Probably the best of those are Windham Rotunda’s and Thomas Pestock’s accounts of how the Bray Wyatt and Baron Corbin characters came to be. As Tom Prichard and Dusty Rhodes knew Rotunda was not being his true self as Husky Harris, they encouraged him to take his own rebellious, real-life personality and turn it into Bray Wyatt. Rotunda went as far as getting new tattoos and covering up his old ones to put his past as Harris behind him. Even though others didn’t want the Wyatts to use the lamb masks, it was Rhodes who pushed them to don them during a promo and the rest is history. When it came to Corbin, no persona stuck until he was told to be himself, which is the loner turned up to ten that we saw on NXT and now on Smackdown. While these stories really give fans insight into many of the NXT alumni, I just wish there were far more of them.

Levesque is happy to share his success with others too, those whose work behind the scenes and aren’t recognized as much as it should be. Tom Prichard, Michael Hayes, William Regal, Terry Taylor, Matt Bloom and especially the late, great Dusty Rhodes, who gets his very own chapter, are all praised for inspiring so many careers and shaping the WWE superstars of today.Like any WWE narrative though there is a bit of revisionist history and disputable comments, here and there. For instance, Levesque is quoted as saying to Vince McMahon, “We survived every other place closing its doors because you have created a brand that’s so successful that is all anyone will pay to see.” Of course, there are all sorts of wrestling promotions that fans support with their hard-earned dollars all around the world including New Japan, Ring of Honor, TNA, etc.

Also, even though NXT has been the home to many international superstars who were true impact players before they even signed a WWE contract, talent such as Finn Balor (Prince Devitt), Samoa Joe, Bobby Roode, Eric Young, Shinsuke Nakamura, Kevin Owens (Kevin Steen) and others are often referred to as “relative unknowns,” which is of course, is just simply not true at all.Even with the occasional open mouth insert foot moments and so much of the book devoted to the Performance Center itself, NXT: The Future Is Now does a respectable job of recounting the growth of the NXT brand and its superstars.
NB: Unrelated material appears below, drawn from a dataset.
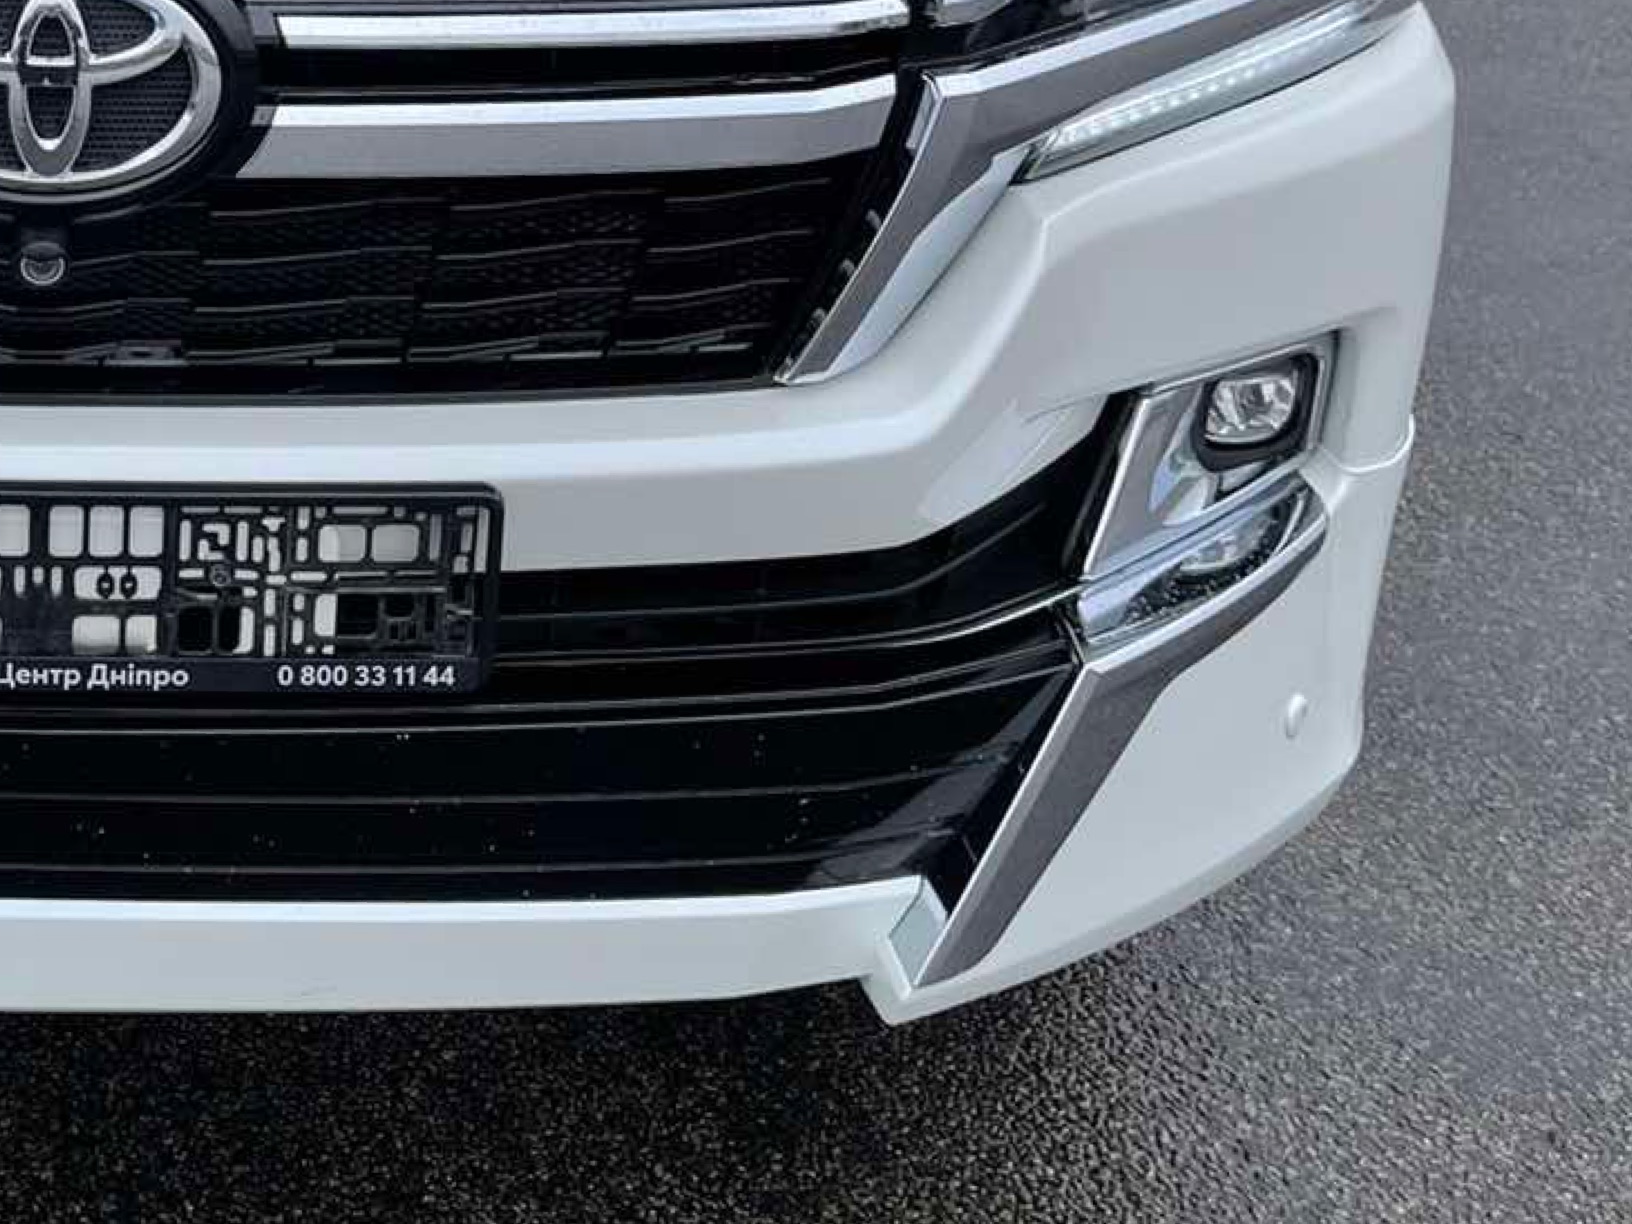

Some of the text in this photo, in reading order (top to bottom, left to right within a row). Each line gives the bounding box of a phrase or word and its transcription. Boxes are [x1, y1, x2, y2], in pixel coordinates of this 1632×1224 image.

What is even more significant though is the importance of NXT and Levesque to how the WWE is currently changing its business. How the WWE isn’t above mentioning the competition nowadays. How the past achievements of some superstars, like A.J. Styles and Finn Balor, are now discussed publicly and openly on WWE broadcasts. How anyone at any time at WWE corporate can monitor the real-time progress of any of their superstars in training. All in all, it is a progressive strategy which can be traced back to the formation of the WWE’s hottest brand: NXT.